• [What you have to do] Reproduce, exactly and in full, the records that follow, minus any pictures.

Data Block Start

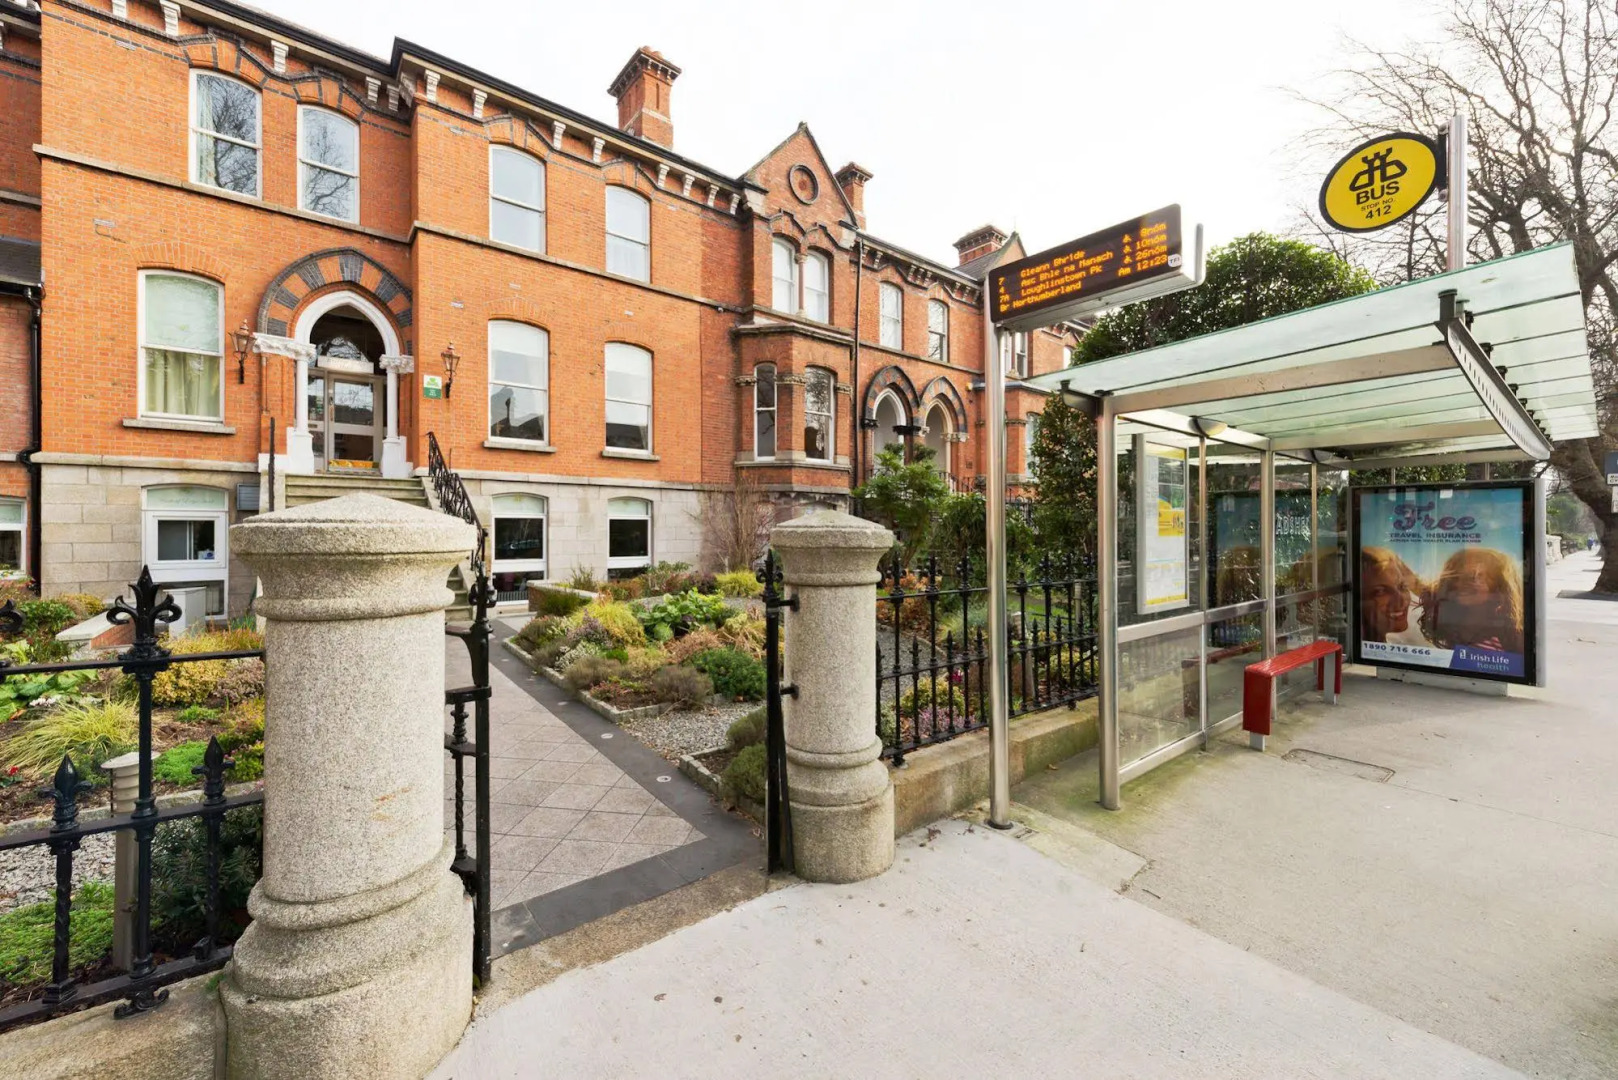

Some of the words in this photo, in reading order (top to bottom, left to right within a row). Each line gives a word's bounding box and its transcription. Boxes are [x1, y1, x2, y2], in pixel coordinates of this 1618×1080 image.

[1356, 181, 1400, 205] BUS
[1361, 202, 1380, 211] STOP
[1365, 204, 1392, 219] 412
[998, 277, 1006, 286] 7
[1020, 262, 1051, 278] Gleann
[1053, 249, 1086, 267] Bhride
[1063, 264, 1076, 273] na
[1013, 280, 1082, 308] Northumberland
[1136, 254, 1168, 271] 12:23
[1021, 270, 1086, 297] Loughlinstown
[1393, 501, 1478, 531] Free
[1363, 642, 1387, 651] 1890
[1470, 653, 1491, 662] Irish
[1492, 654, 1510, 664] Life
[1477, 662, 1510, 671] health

Data Block End

• [Answer to the exercise]
Some of the words in this photo, in reading order (top to bottom, left to right within a row). Each line gives a word's bounding box and its transcription. Boxes are [x1, y1, x2, y2], in pixel coordinates of this 1618×1080 image.

[1356, 181, 1400, 205] BUS
[1361, 202, 1380, 211] STOP
[1365, 204, 1392, 219] 412
[998, 277, 1006, 286] 7
[1020, 262, 1051, 278] Gleann
[1053, 249, 1086, 267] Bhride
[1063, 264, 1076, 273] na
[1013, 280, 1082, 308] Northumberland
[1136, 254, 1168, 271] 12:23
[1021, 270, 1086, 297] Loughlinstown
[1393, 501, 1478, 531] Free
[1363, 642, 1387, 651] 1890
[1470, 653, 1491, 662] Irish
[1492, 654, 1510, 664] Life
[1477, 662, 1510, 671] health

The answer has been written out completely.